This project involves archaeological survey work on several fifteenth to eighteenth-century Piscataway sites along the north shore of the Potomac River. Research will focus on the identification of both Native and European trade items to explore how these items circulated within Piscataway practices and systems of meaning. A summary report will be produced detailing the project’s findings. As the 400th anniversary of Maryland draws near, this project presents an important opportunity to center narratives of the Piscataway in this transformational period. 

Trade items represented more than just economic exchanges to Indigenous communities. The exchange of objects, including beads, occurred within a web of rules, practices, and relationships laden with meaning and developed over the preceding centuries. Photo courtesy of St. Mary’s College of Maryland.  

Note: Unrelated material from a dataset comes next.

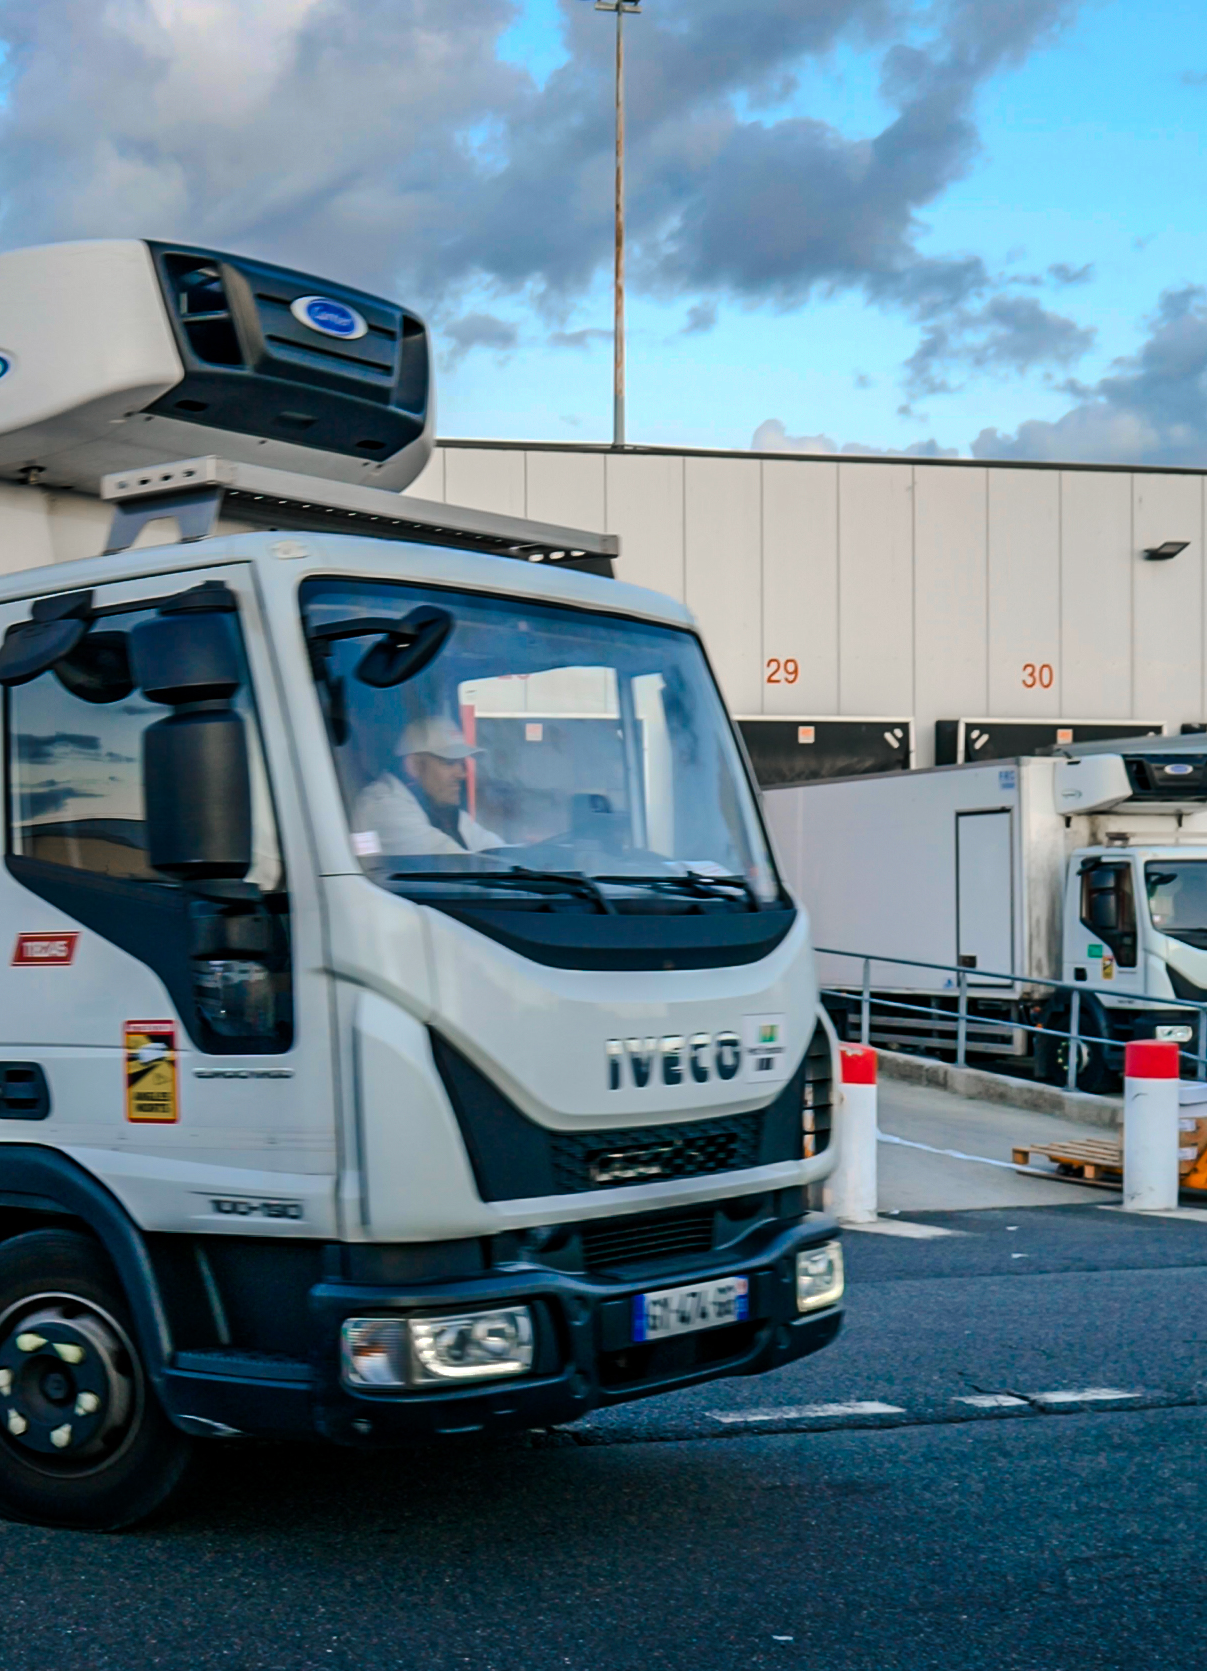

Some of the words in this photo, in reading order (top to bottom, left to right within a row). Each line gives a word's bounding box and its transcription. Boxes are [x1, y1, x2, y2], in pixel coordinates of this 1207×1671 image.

[766, 658, 799, 684] 29
[1021, 663, 1054, 688] 30
[606, 1031, 741, 1091] IVECO
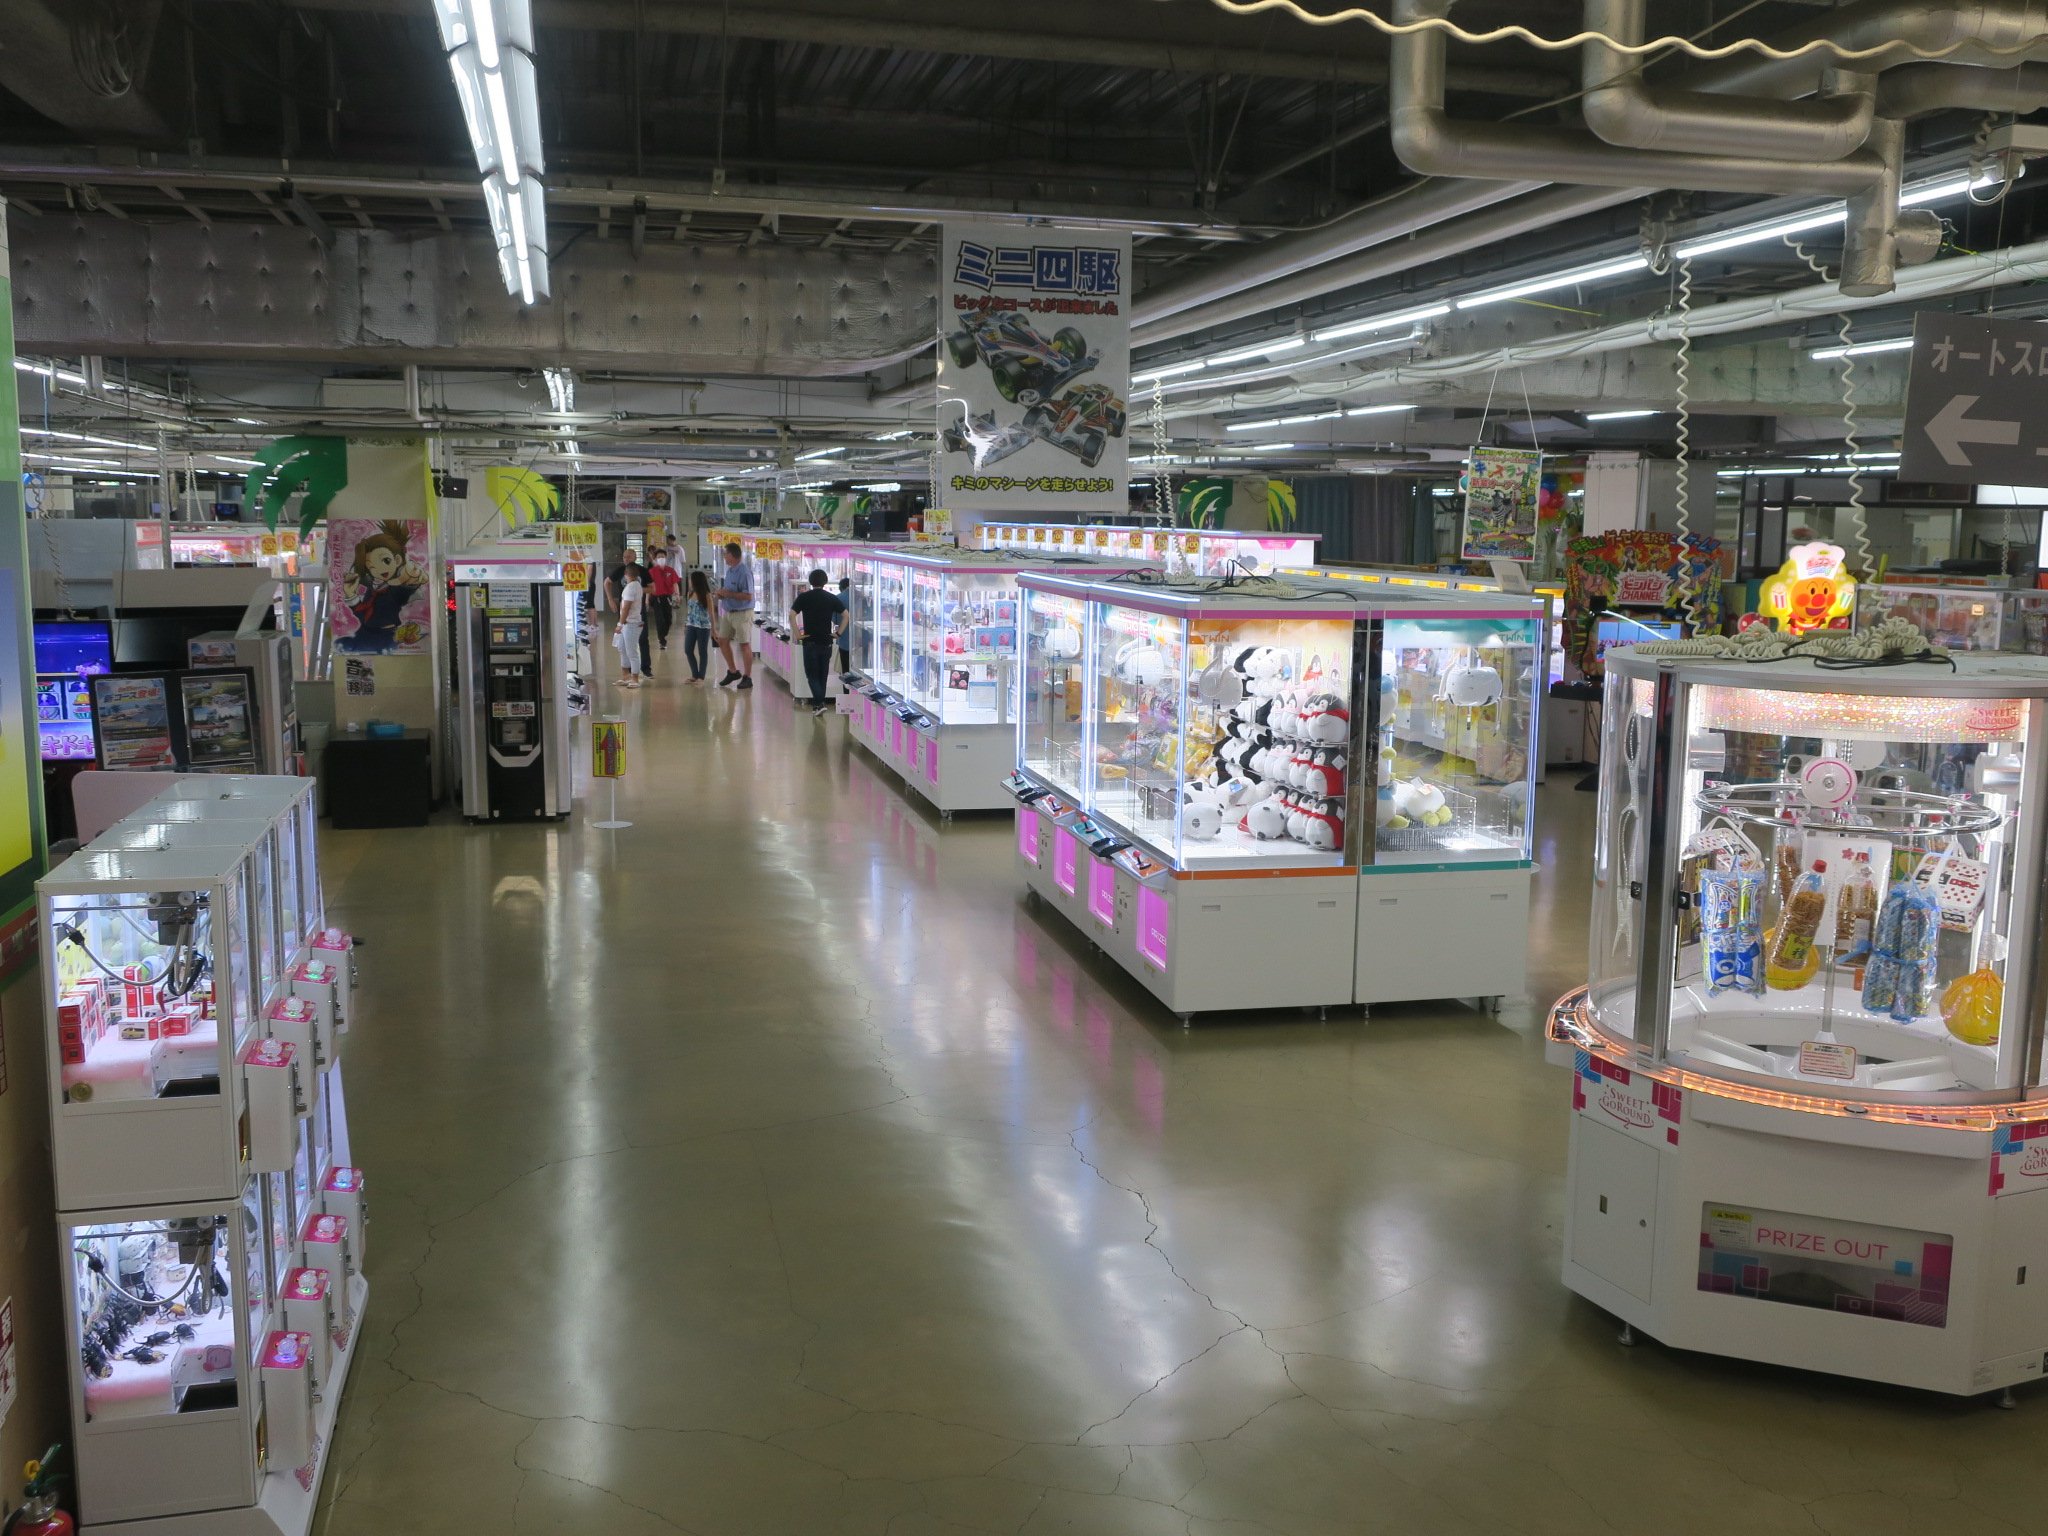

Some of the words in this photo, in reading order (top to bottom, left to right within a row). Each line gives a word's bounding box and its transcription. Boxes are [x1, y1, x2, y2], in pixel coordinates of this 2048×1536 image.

A Survey of Brick Construction in Colonial Maryland – Anne Arundel County Trust for Preservation 

($44,000)

This project will trace the evolution and development of masonry building traditions in Maryland between 1634 and 1750. During this time period, the use of brick construction by a select few of the colony’s elite contrasted dramatically with the ephemeral building practices of neighbors, a distinction that has never been studied. Approximately ten buildings will be selected for detailed documentation, including measured drawings, field notes, and photographic prints. 

Dendrochronology has positively identified Araby in Charles County as within this early period of masonry construction, dating to 1746. Photo courtesy of Willie Graham. 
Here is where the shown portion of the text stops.